## [Data for review]
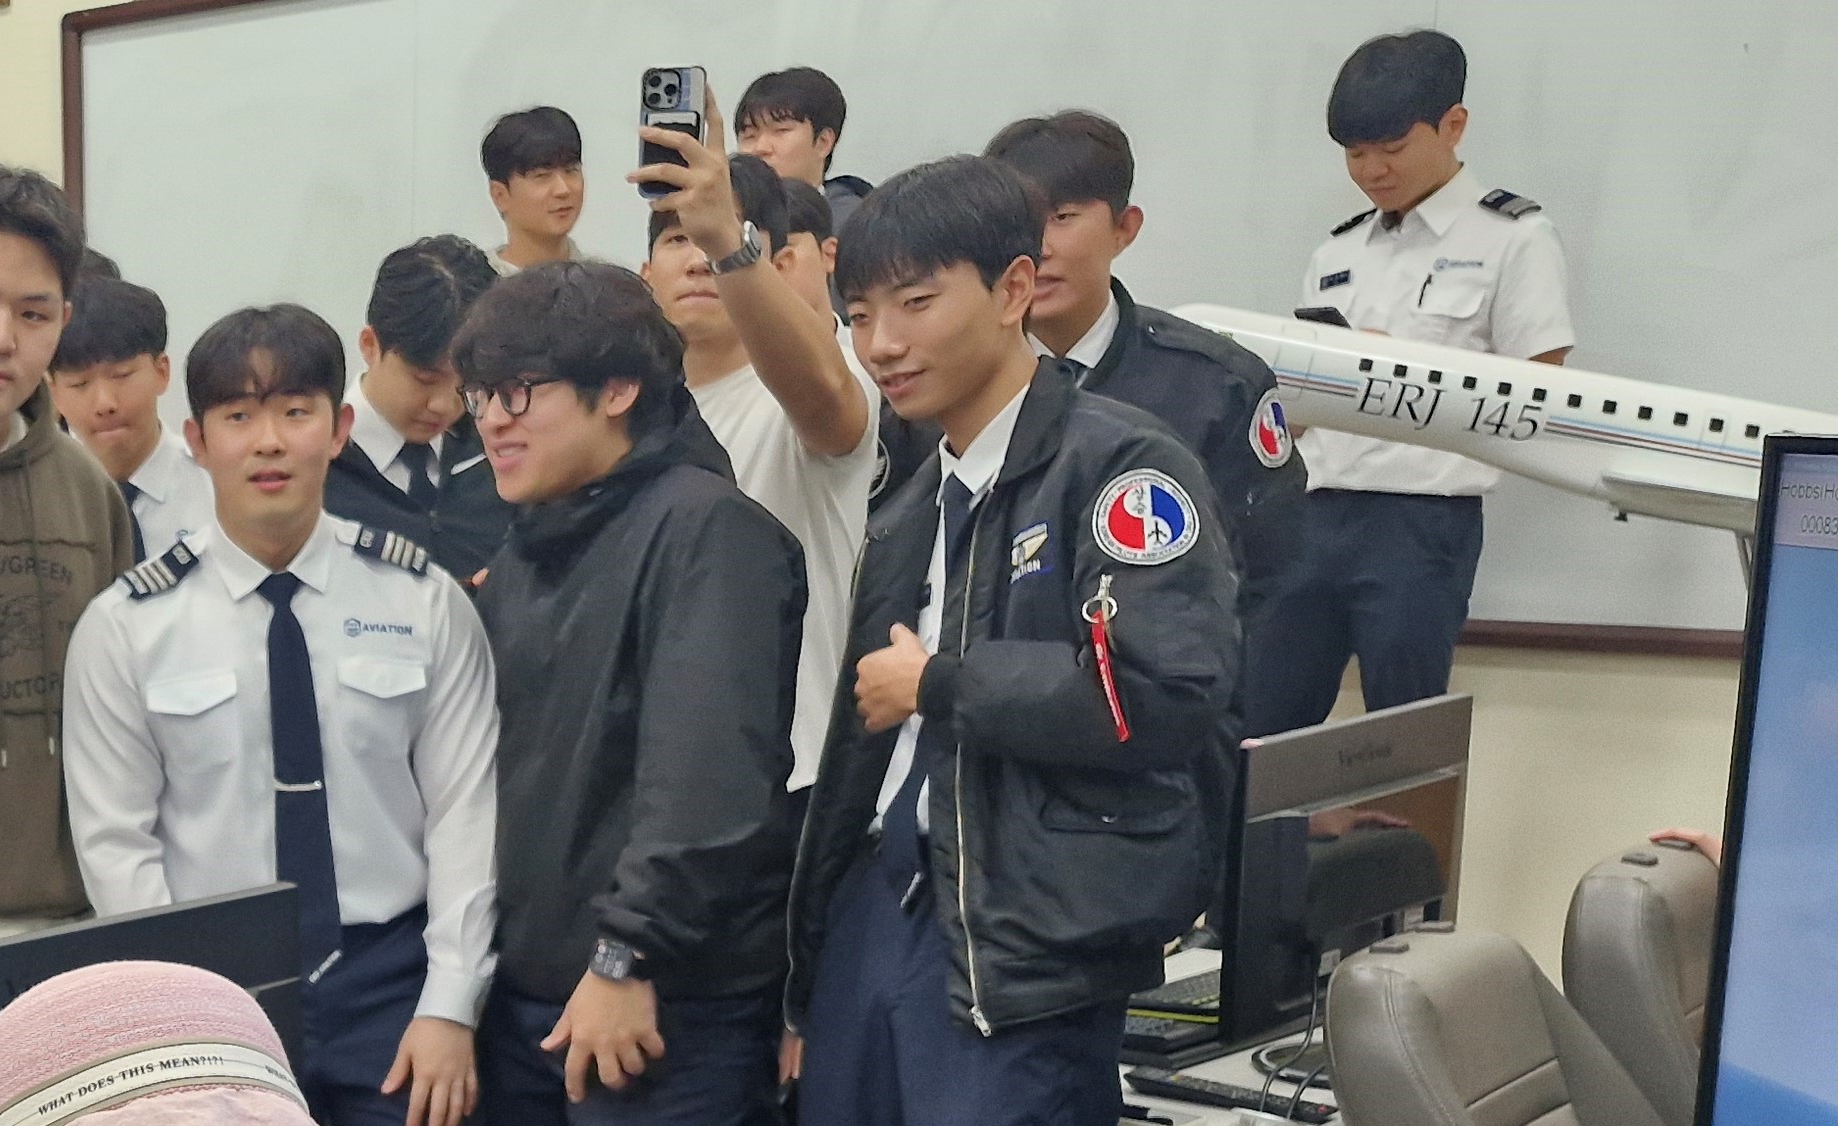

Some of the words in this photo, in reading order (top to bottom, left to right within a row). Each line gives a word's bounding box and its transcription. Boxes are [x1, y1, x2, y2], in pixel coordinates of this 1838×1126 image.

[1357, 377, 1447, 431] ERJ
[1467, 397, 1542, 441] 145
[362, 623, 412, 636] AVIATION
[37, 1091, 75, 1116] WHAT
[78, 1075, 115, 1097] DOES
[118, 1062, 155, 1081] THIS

## [Exercise]
The entries are to be transcribed in full. Their pictures are not.

## [Written response]
Some of the words in this photo, in reading order (top to bottom, left to right within a row). Each line gives a word's bounding box and its transcription. Boxes are [x1, y1, x2, y2], in pixel coordinates of this 1838×1126 image.

[1357, 377, 1447, 431] ERJ
[1467, 397, 1542, 441] 145
[362, 623, 412, 636] AVIATION
[37, 1091, 75, 1116] WHAT
[78, 1075, 115, 1097] DOES
[118, 1062, 155, 1081] THIS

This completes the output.